**What to produce:** Give the entries back exactly as they stand, but without pictures.

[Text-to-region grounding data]
#####

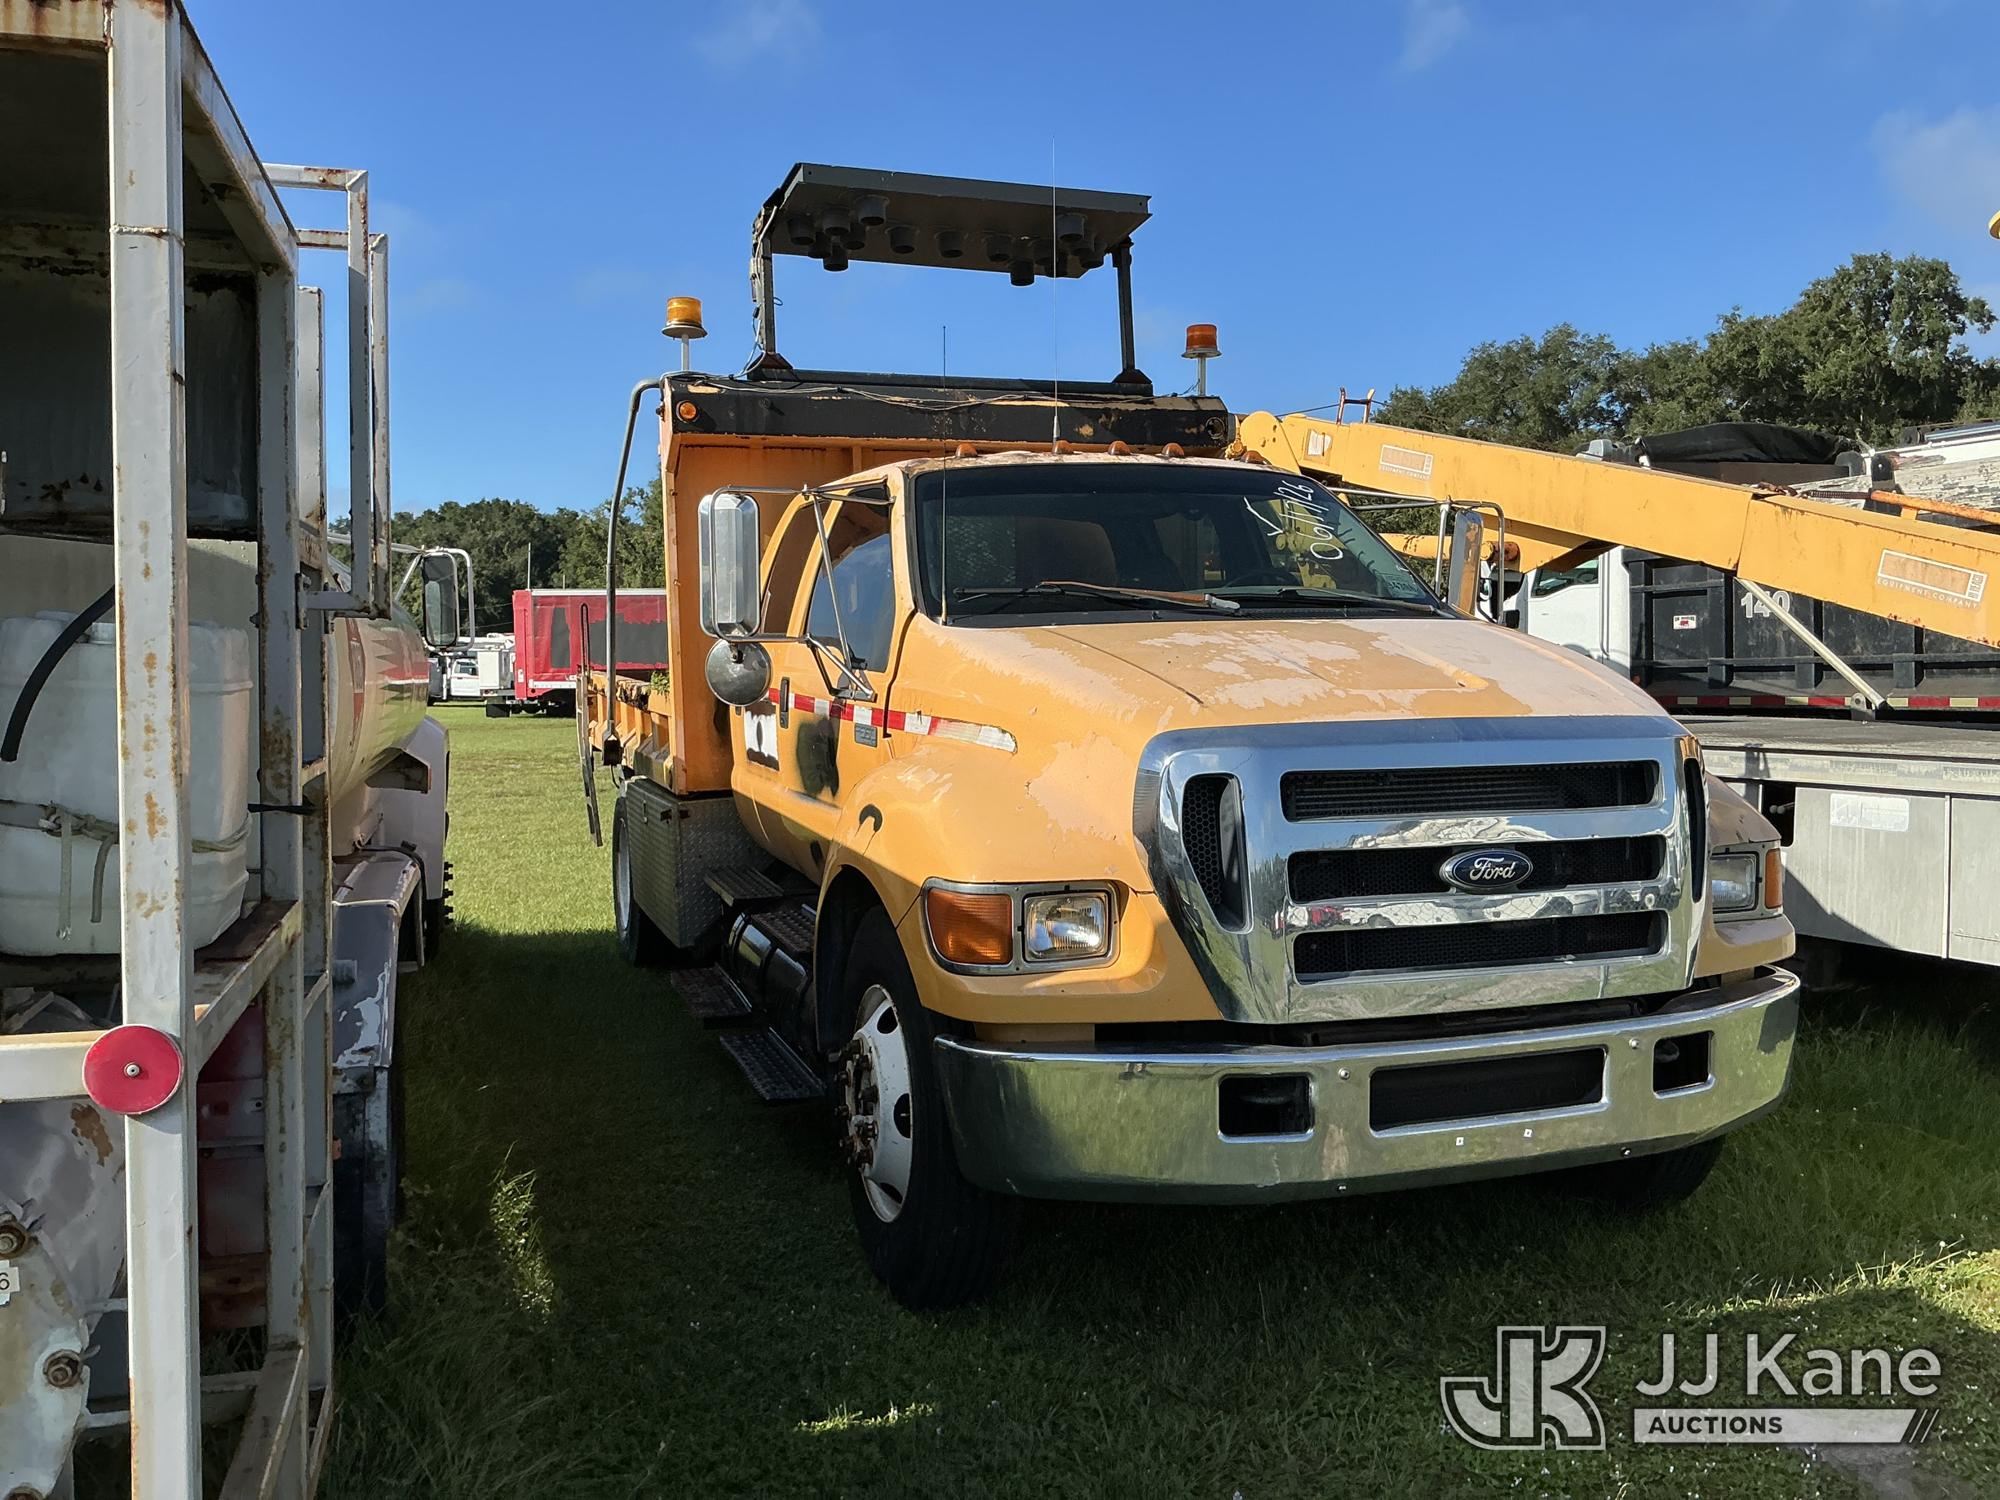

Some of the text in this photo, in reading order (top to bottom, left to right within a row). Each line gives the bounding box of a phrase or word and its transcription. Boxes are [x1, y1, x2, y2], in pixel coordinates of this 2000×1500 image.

[1740, 590, 1790, 619] 140
[1876, 577, 1978, 609] EQUIPMENT COMPANY
[1469, 857, 1516, 881] Ford
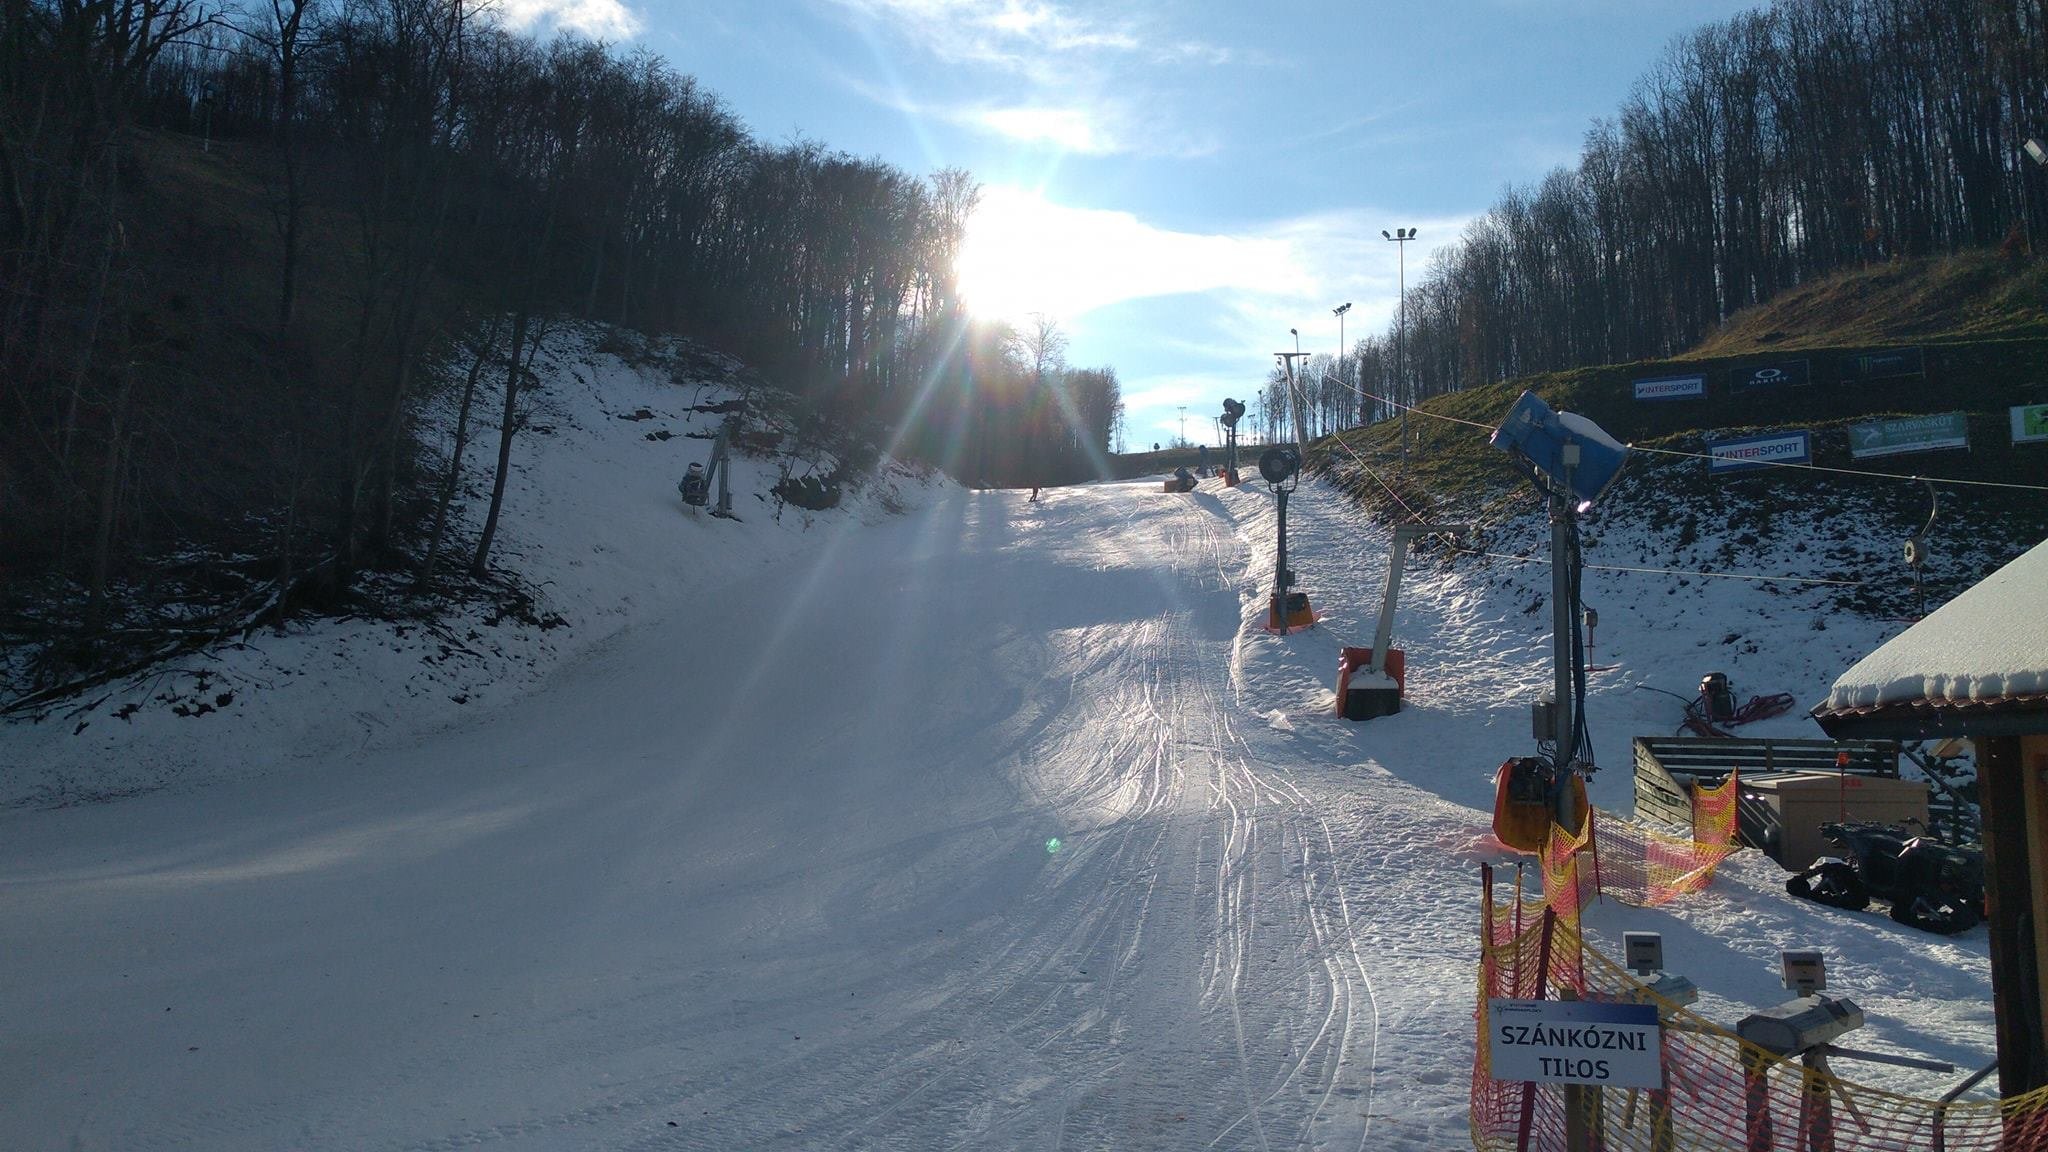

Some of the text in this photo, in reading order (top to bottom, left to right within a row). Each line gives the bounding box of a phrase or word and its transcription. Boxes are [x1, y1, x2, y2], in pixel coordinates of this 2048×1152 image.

[1645, 383, 1699, 394] INTERSPORT
[1749, 376, 1788, 385] OAKLEY
[1726, 442, 1800, 459] INTERSPORT
[1500, 1022, 1647, 1052] SZÁNKÓZNI
[1538, 1057, 1610, 1080] TILOS
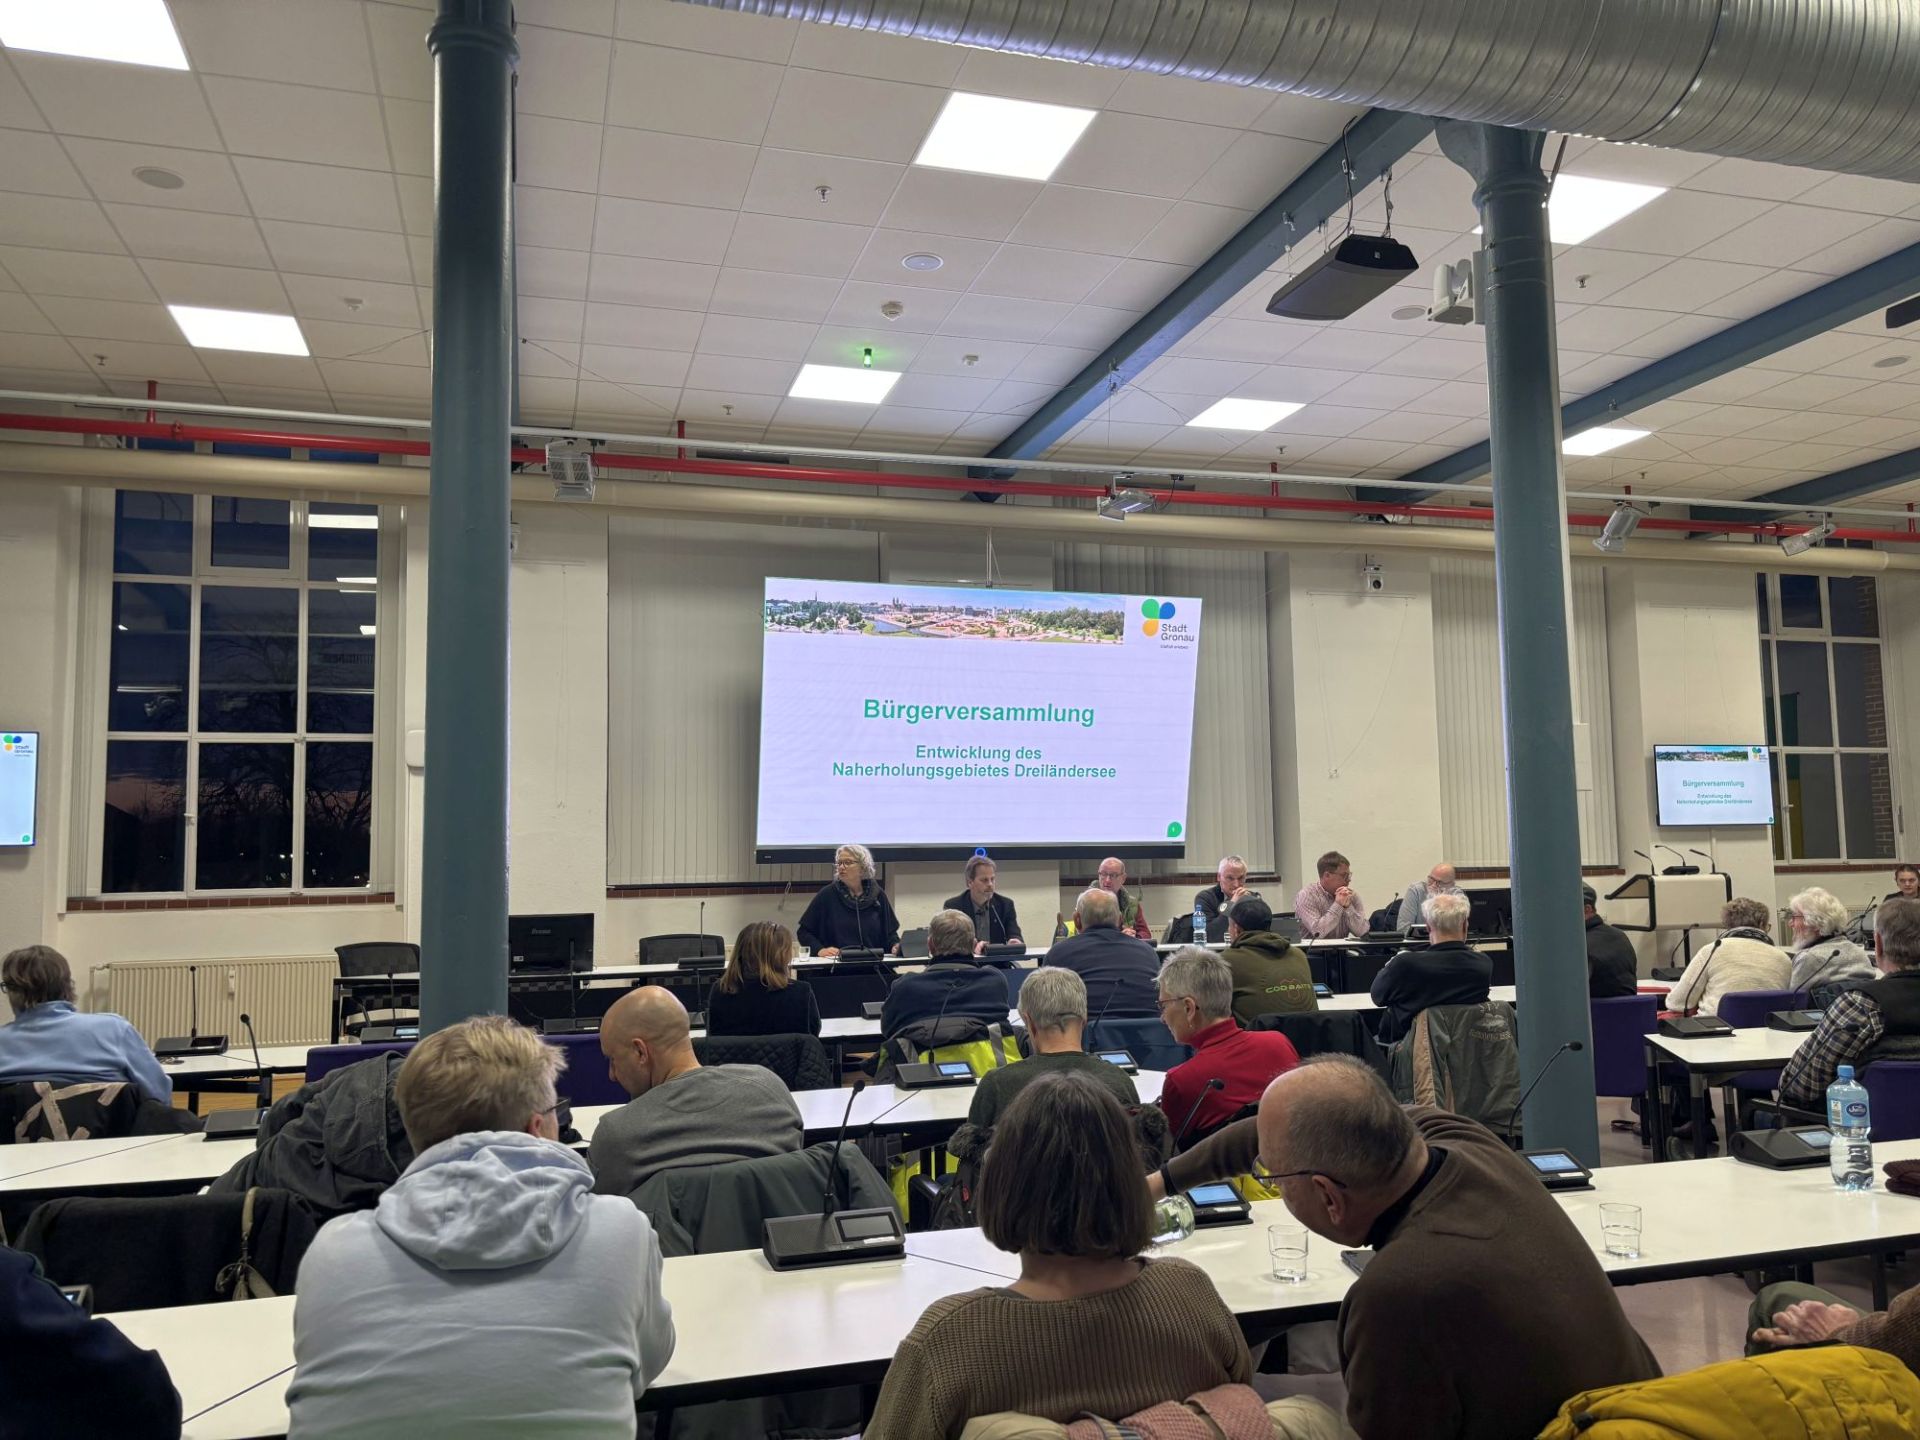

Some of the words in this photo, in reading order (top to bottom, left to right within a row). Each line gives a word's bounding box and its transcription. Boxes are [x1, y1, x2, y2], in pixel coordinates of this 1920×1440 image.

#####

**Solution to this task:**
Some of the text in this photo, in reading order (top to bottom, left to right within a row). Each line gives the bounding box of a phrase or word and its transcription. Boxes are [x1, y1, x2, y2], in pixel coordinates of this 2000×1500 image.

[1740, 590, 1790, 619] 140
[1876, 577, 1978, 609] EQUIPMENT COMPANY
[1469, 857, 1516, 881] Ford

Some of the text in this photo, in reading order (top to bottom, left to right within a row). Each line gives the bounding box of a phrase or word and its transcription. Boxes are [x1, y1, x2, y2], in pixel coordinates of this 2048×1152 image.

[1645, 383, 1699, 394] INTERSPORT
[1749, 376, 1788, 385] OAKLEY
[1726, 442, 1800, 459] INTERSPORT
[1500, 1022, 1647, 1052] SZÁNKÓZNI
[1538, 1057, 1610, 1080] TILOS

Some of the words in this photo, in reading order (top to bottom, left to right within a row). Each line gives a word's bounding box and its transcription. Boxes are [x1, y1, x2, y2], in pixel coordinates of this 1920×1440 image.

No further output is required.